▶ What to work on: All entries below need to be written out exactly, but without their pictures.

▶ Input material:
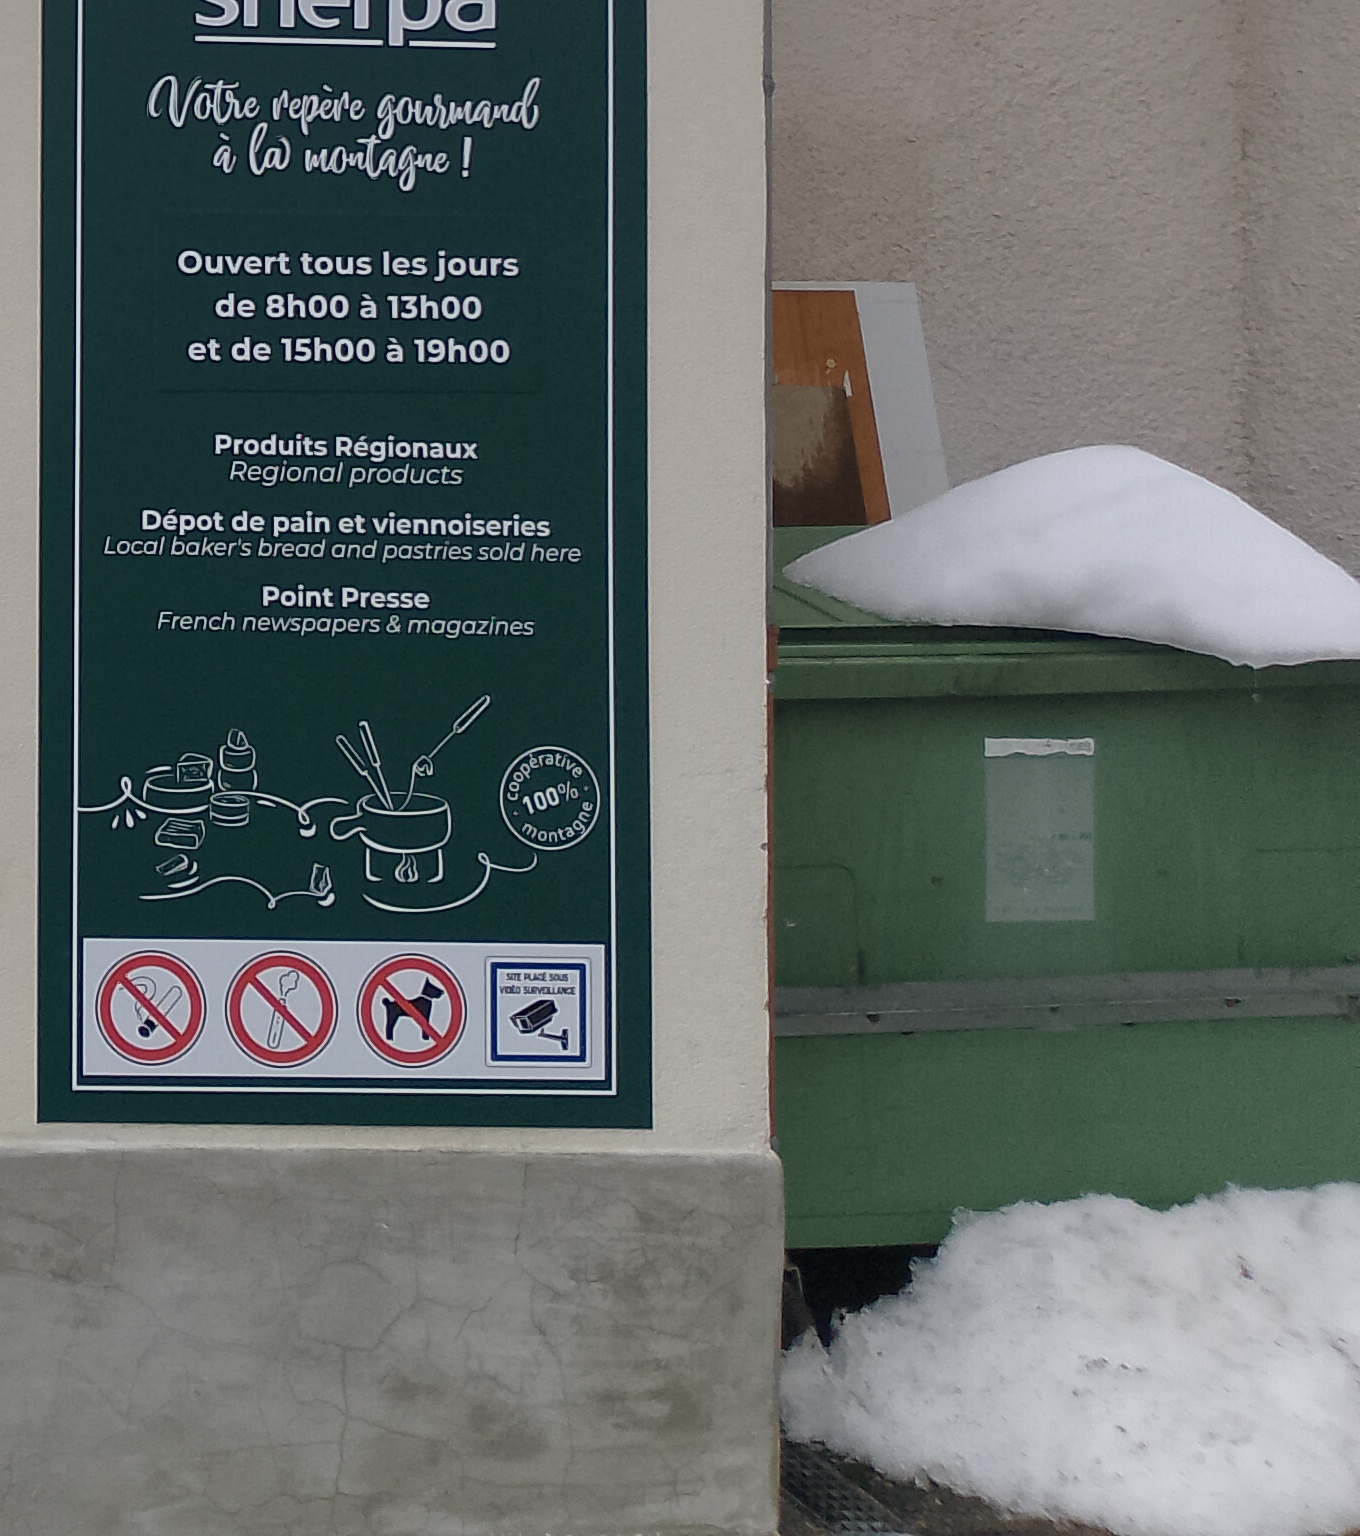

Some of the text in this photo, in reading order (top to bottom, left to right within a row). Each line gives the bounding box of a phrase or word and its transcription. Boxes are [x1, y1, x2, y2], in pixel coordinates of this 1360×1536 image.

[146, 75, 541, 140] Votre repère gourmand
[212, 121, 472, 192] à la montagne !
[177, 250, 520, 282] Ouvert tous les jours
[215, 292, 482, 320] de 8h00 à 13h00
[187, 336, 510, 364] et de 15h00 à 19h00
[214, 433, 479, 463] Produits Régionaux
[229, 459, 464, 488] Regional products
[141, 508, 551, 538] Dépot de pain et viennoiseries
[103, 535, 582, 564] Local baker's bread and pastries sold here
[262, 583, 431, 609] Point Presse
[157, 611, 535, 639] French newspapers & magazines
[507, 752, 583, 801] coopérative
[522, 780, 580, 815] 100%
[521, 801, 594, 843] montagne
[505, 972, 522, 982] SITE

▶ Solved exercise:
Some of the text in this photo, in reading order (top to bottom, left to right within a row). Each line gives the bounding box of a phrase or word and its transcription. Boxes are [x1, y1, x2, y2], in pixel coordinates of this 1360×1536 image.

[146, 75, 541, 140] Votre repère gourmand
[212, 121, 472, 192] à la montagne !
[177, 250, 520, 282] Ouvert tous les jours
[215, 292, 482, 320] de 8h00 à 13h00
[187, 336, 510, 364] et de 15h00 à 19h00
[214, 433, 479, 463] Produits Régionaux
[229, 459, 464, 488] Regional products
[141, 508, 551, 538] Dépot de pain et viennoiseries
[103, 535, 582, 564] Local baker's bread and pastries sold here
[262, 583, 431, 609] Point Presse
[157, 611, 535, 639] French newspapers & magazines
[507, 752, 583, 801] coopérative
[522, 780, 580, 815] 100%
[521, 801, 594, 843] montagne
[505, 972, 522, 982] SITE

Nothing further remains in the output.